Problem: Retype the whole listing below exactly, keeping every picture out of it.

Data records:
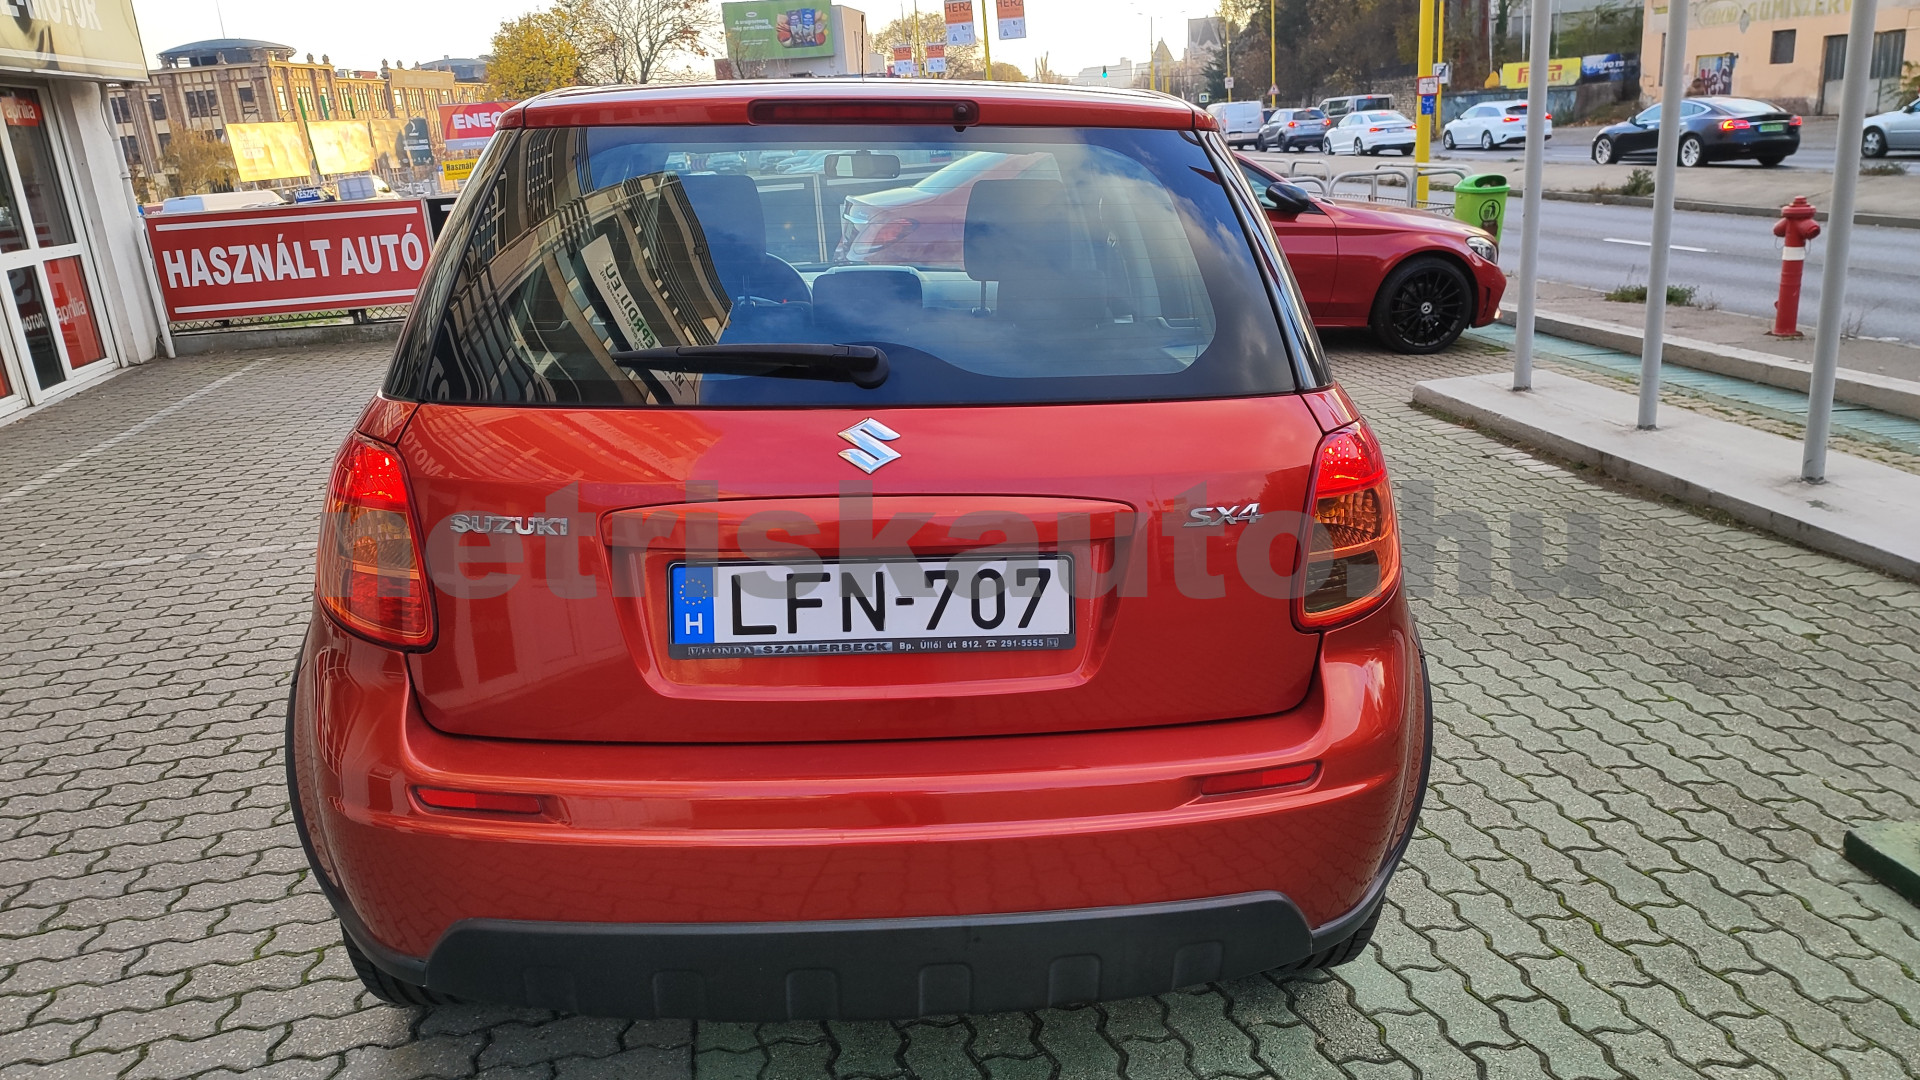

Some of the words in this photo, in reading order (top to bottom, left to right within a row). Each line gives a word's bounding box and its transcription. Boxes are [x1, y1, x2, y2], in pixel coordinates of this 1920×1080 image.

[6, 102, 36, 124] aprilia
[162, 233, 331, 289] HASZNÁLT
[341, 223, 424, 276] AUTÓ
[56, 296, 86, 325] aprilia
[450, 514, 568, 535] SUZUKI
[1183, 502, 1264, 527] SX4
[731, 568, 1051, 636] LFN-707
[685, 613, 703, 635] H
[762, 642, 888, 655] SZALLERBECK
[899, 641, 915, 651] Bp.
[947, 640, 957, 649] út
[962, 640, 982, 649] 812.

Your response:
Some of the words in this photo, in reading order (top to bottom, left to right within a row). Each line gives a word's bounding box and its transcription. Boxes are [x1, y1, x2, y2], in pixel coordinates of this 1920×1080 image.

[6, 102, 36, 124] aprilia
[162, 233, 331, 289] HASZNÁLT
[341, 223, 424, 276] AUTÓ
[56, 296, 86, 325] aprilia
[450, 514, 568, 535] SUZUKI
[1183, 502, 1264, 527] SX4
[731, 568, 1051, 636] LFN-707
[685, 613, 703, 635] H
[762, 642, 888, 655] SZALLERBECK
[899, 641, 915, 651] Bp.
[947, 640, 957, 649] út
[962, 640, 982, 649] 812.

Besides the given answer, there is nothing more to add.